Intertidal populations of Nepthys cirrosa may be targeted by bait diggers.  There is limited information on the effect of digging directly on Nephtys cirrosa populations, however there is evidence on effects on another Nephtys species: Nephtys hombergii. Nephtys hombergii is directly removed through commercial bait digging and by recreational anglers and abundance significantly decreased in areas of the Solent, UK, where bait digging (primarily for Nereis virens) had occurred (Watson et al. 2007). Recovery of Nephtys hombergii has been assessed to be very high as re-population would occur initially relatively rapidly via adult migration and later by larval recruitment. Dittman et al. (1999) observed that Nephtys hombergii was amongst the macrofauna that colonized experimentally disturbed tidal flats within two weeks of the disturbance that caused defaunation of the sediment. However, if sediment is damaged recovery is likely to be slower, for instance Nephtys hombergii abundance was reduced by 50% in areas where tractor towed cockle harvesting was undertaken on experimental plots in Burry inlet, south Wales, and had not recovered after 86 days (Ferns et al., 2000).

Sensitivity assessment. Although Nephtys cirrosa may be targeted by bait differs where this species occurs intertidally, subtidal populations are not considered to be impacted unless there was a change in emergence regime. This pressure is, therefore considered to be 'Not relevant' to the assessed biotope.

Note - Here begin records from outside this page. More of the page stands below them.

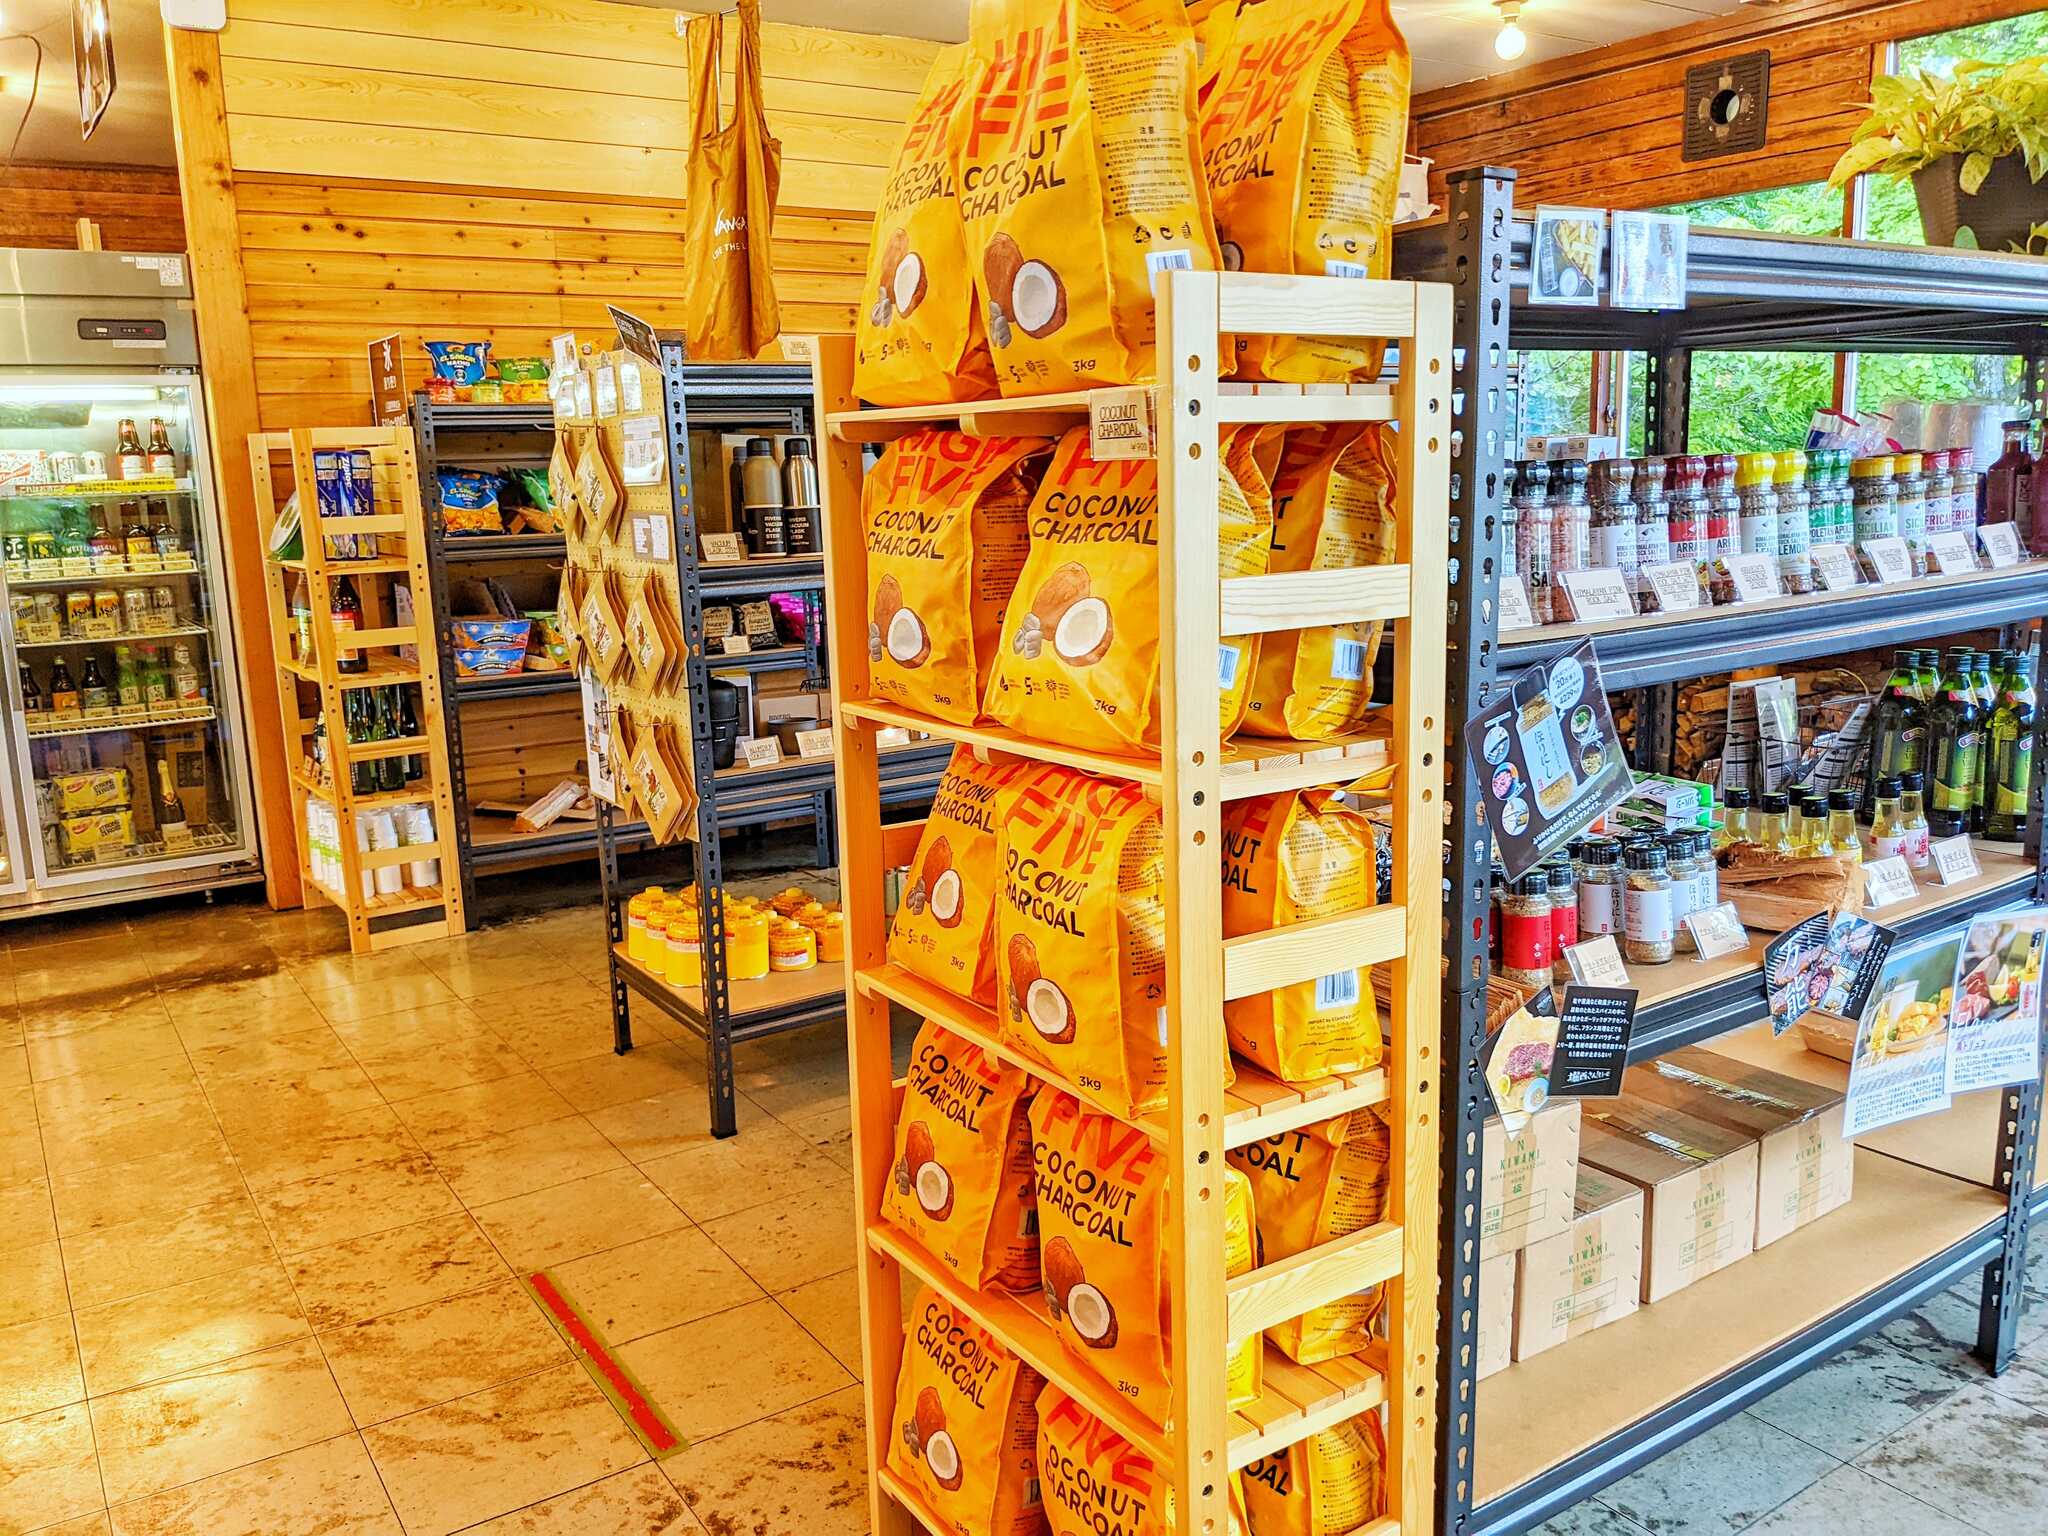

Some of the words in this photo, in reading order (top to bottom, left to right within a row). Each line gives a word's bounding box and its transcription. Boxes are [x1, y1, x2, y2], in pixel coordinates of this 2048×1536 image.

[1072, 357, 1096, 375] 3kg
[1099, 404, 1138, 421] COCONUT
[1097, 422, 1142, 438] CHARCOAL
[1032, 518, 1158, 546] CHARCOAL
[867, 532, 945, 560] CHARCOAL
[1094, 700, 1117, 716] 3kg
[1004, 788, 1118, 874] FIVE
[950, 956, 965, 971] 3kg
[919, 1044, 993, 1104] COCONUT
[1079, 1074, 1101, 1091] 3kg
[910, 1066, 981, 1134] CHARCOAL
[1500, 1149, 1540, 1170] KIWAMI
[1034, 1142, 1137, 1217] COCONUT
[944, 1250, 959, 1268] 3kg
[1568, 1242, 1609, 1265] KIWAMI
[925, 1302, 999, 1383] COCONUT
[917, 1325, 985, 1410] CHARCOAL
[1117, 1380, 1139, 1397] 3kg

The loss of the key characterizing species through unintentional removal would alter the character of the biotope. The ecosystem services such as secondary production and food for higher trophic levels would be lost. The polychaete Nephtys cirrosa and the amphipods are predated on by flat fish and other invertebrate predators during tidal inundation (Speybroeck et al., 2007; Van Tomme et al., 2014).

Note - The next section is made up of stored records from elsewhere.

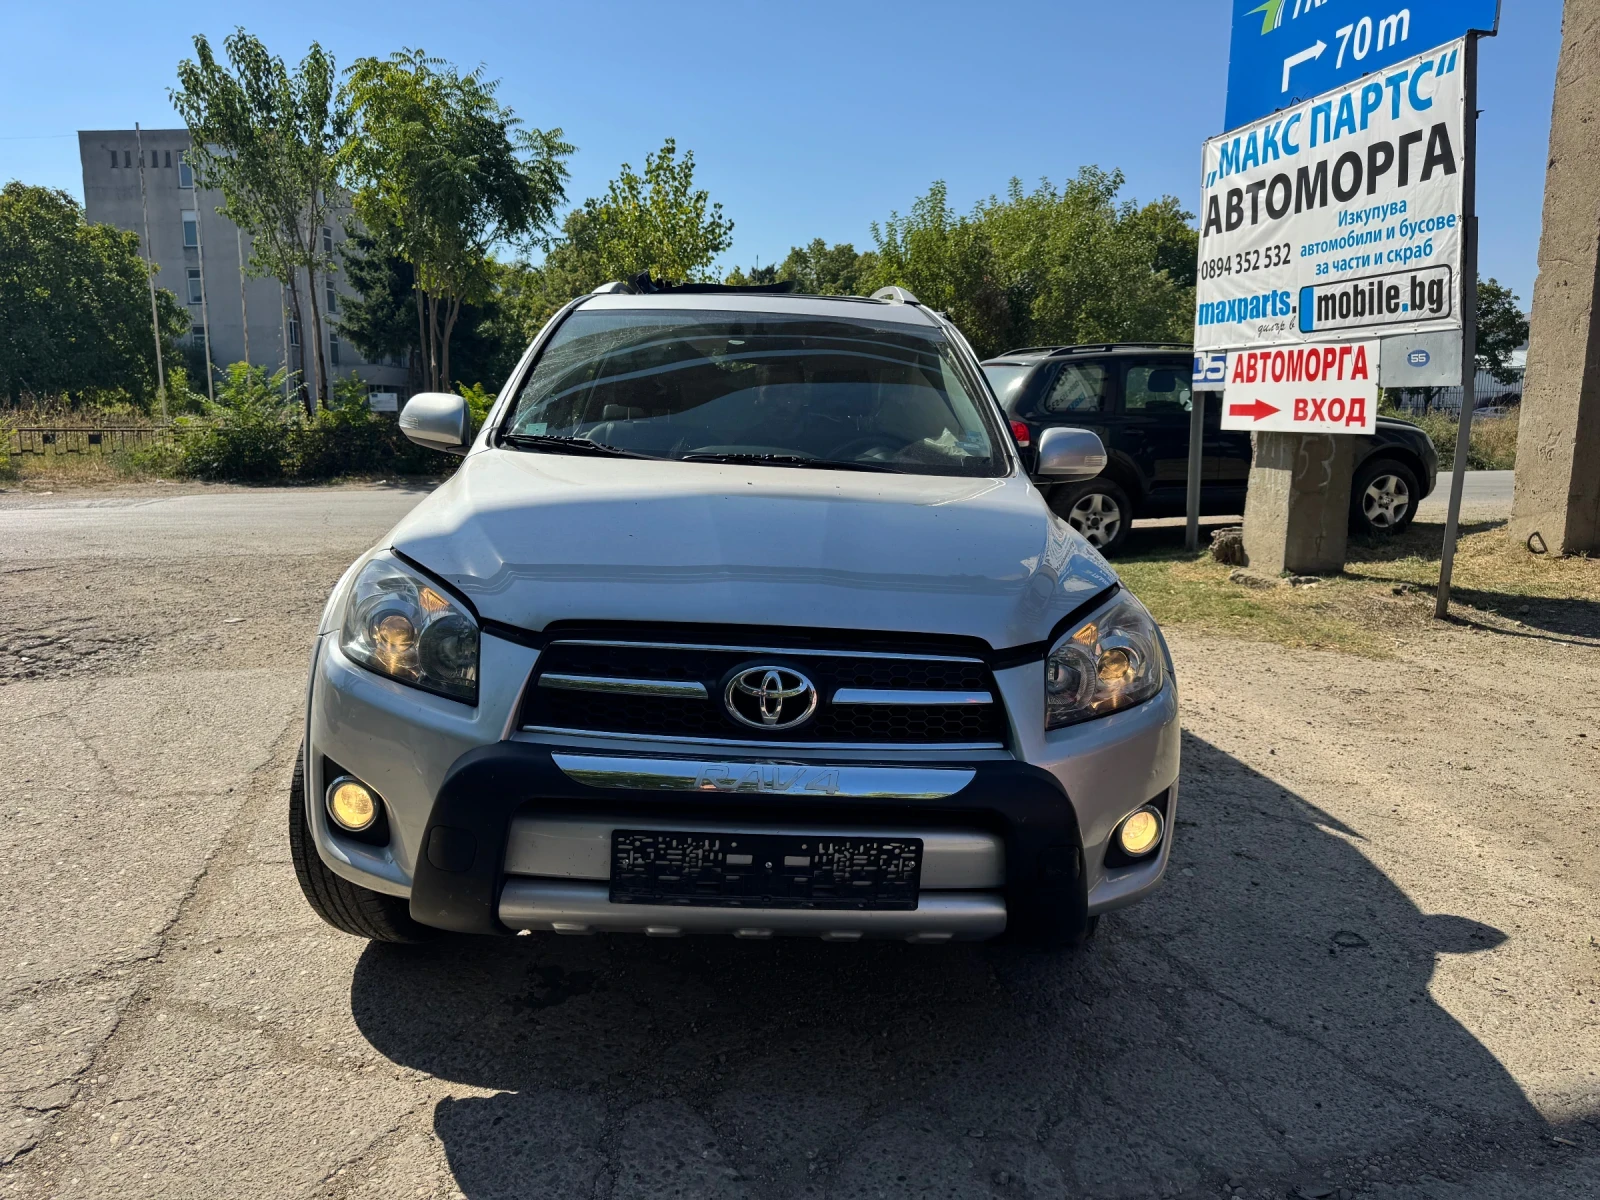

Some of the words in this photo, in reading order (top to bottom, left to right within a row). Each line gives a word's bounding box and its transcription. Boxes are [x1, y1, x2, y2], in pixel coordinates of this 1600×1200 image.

[1335, 16, 1373, 69] 70
[1203, 122, 1457, 238] АВТОМОРГА
[1338, 200, 1407, 227] Изкупува
[1300, 230, 1382, 257] автомобили
[1386, 226, 1395, 240] и
[1399, 213, 1456, 240] бусове
[1201, 255, 1232, 281] 0894
[1235, 249, 1260, 275] 352
[1264, 242, 1291, 269] 532
[1315, 262, 1329, 276] за
[1332, 253, 1370, 273] части
[1374, 252, 1383, 265] и
[1386, 238, 1433, 265] скраб
[1317, 275, 1444, 322] mobile.bg
[1232, 345, 1369, 384] АВТОМОРГА
[1293, 397, 1366, 428] ВХОД
[694, 764, 840, 795] RAV4

Sensitivity assessment. Biotope resistance to loss of the characterizing species is assessed as ‘Low’ as the burrowing lifestyle and mobility of species mean that a proportion of the population may escape incidental removal. Resilience is assessed as ‘High’ based on in-situ recovery and migration from adjacent populations and sensitivity is therefore assessed as ‘Low’. Despite the loss of a high proportion of the characterizing species  the biotope would still be classified as belonging to the LS.LSa.MoSa group as some examples, particularly those that are very exposed to wave action, contain few species at low abundance (JNCC, 2015).